** Exercise description **
Could you repeat the records below exactly as written?

────────────────────────────────────────

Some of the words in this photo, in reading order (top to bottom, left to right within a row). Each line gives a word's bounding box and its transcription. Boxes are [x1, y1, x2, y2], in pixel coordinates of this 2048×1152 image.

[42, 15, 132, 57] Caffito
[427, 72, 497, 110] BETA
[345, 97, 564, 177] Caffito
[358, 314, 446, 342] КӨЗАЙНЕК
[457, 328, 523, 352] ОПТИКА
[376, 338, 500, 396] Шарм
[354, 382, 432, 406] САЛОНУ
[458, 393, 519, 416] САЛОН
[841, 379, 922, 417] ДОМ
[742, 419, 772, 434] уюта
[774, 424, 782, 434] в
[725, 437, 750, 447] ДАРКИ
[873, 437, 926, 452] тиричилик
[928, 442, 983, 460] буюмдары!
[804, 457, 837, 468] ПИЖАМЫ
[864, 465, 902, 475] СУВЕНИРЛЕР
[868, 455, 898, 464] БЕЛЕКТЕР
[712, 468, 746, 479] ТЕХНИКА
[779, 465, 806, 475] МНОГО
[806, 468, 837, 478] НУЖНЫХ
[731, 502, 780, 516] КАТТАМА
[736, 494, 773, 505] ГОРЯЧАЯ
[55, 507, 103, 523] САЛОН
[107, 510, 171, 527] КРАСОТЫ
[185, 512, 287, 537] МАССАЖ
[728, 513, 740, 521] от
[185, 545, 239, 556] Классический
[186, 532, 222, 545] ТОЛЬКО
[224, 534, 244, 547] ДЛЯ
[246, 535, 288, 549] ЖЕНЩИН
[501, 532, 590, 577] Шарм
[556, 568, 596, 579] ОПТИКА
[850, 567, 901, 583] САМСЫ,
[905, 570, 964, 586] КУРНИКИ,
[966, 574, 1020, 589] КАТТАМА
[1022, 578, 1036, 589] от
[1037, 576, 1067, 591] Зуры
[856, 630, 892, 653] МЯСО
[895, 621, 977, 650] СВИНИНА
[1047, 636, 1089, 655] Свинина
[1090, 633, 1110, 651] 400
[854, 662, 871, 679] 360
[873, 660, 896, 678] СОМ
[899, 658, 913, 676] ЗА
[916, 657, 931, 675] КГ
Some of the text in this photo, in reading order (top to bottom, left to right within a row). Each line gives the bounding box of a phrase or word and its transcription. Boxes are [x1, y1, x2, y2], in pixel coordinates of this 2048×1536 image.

────────────────────────────────────────

** Exercise result **
Some of the words in this photo, in reading order (top to bottom, left to right within a row). Each line gives a word's bounding box and its transcription. Boxes are [x1, y1, x2, y2], in pixel coordinates of this 2048×1152 image.

[42, 15, 132, 57] Caffito
[427, 72, 497, 110] BETA
[345, 97, 564, 177] Caffito
[358, 314, 446, 342] КӨЗАЙНЕК
[457, 328, 523, 352] ОПТИКА
[376, 338, 500, 396] Шарм
[354, 382, 432, 406] САЛОНУ
[458, 393, 519, 416] САЛОН
[841, 379, 922, 417] ДОМ
[742, 419, 772, 434] уюта
[774, 424, 782, 434] в
[725, 437, 750, 447] ДАРКИ
[873, 437, 926, 452] тиричилик
[928, 442, 983, 460] буюмдары!
[804, 457, 837, 468] ПИЖАМЫ
[864, 465, 902, 475] СУВЕНИРЛЕР
[868, 455, 898, 464] БЕЛЕКТЕР
[712, 468, 746, 479] ТЕХНИКА
[779, 465, 806, 475] МНОГО
[806, 468, 837, 478] НУЖНЫХ
[731, 502, 780, 516] КАТТАМА
[736, 494, 773, 505] ГОРЯЧАЯ
[55, 507, 103, 523] САЛОН
[107, 510, 171, 527] КРАСОТЫ
[185, 512, 287, 537] МАССАЖ
[728, 513, 740, 521] от
[185, 545, 239, 556] Классический
[186, 532, 222, 545] ТОЛЬКО
[224, 534, 244, 547] ДЛЯ
[246, 535, 288, 549] ЖЕНЩИН
[501, 532, 590, 577] Шарм
[556, 568, 596, 579] ОПТИКА
[850, 567, 901, 583] САМСЫ,
[905, 570, 964, 586] КУРНИКИ,
[966, 574, 1020, 589] КАТТАМА
[1022, 578, 1036, 589] от
[1037, 576, 1067, 591] Зуры
[856, 630, 892, 653] МЯСО
[895, 621, 977, 650] СВИНИНА
[1047, 636, 1089, 655] Свинина
[1090, 633, 1110, 651] 400
[854, 662, 871, 679] 360
[873, 660, 896, 678] СОМ
[899, 658, 913, 676] ЗА
[916, 657, 931, 675] КГ
Some of the text in this photo, in reading order (top to bottom, left to right within a row). Each line gives the bounding box of a phrase or word and its transcription. Boxes are [x1, y1, x2, y2], in pixel coordinates of this 2048×1536 image.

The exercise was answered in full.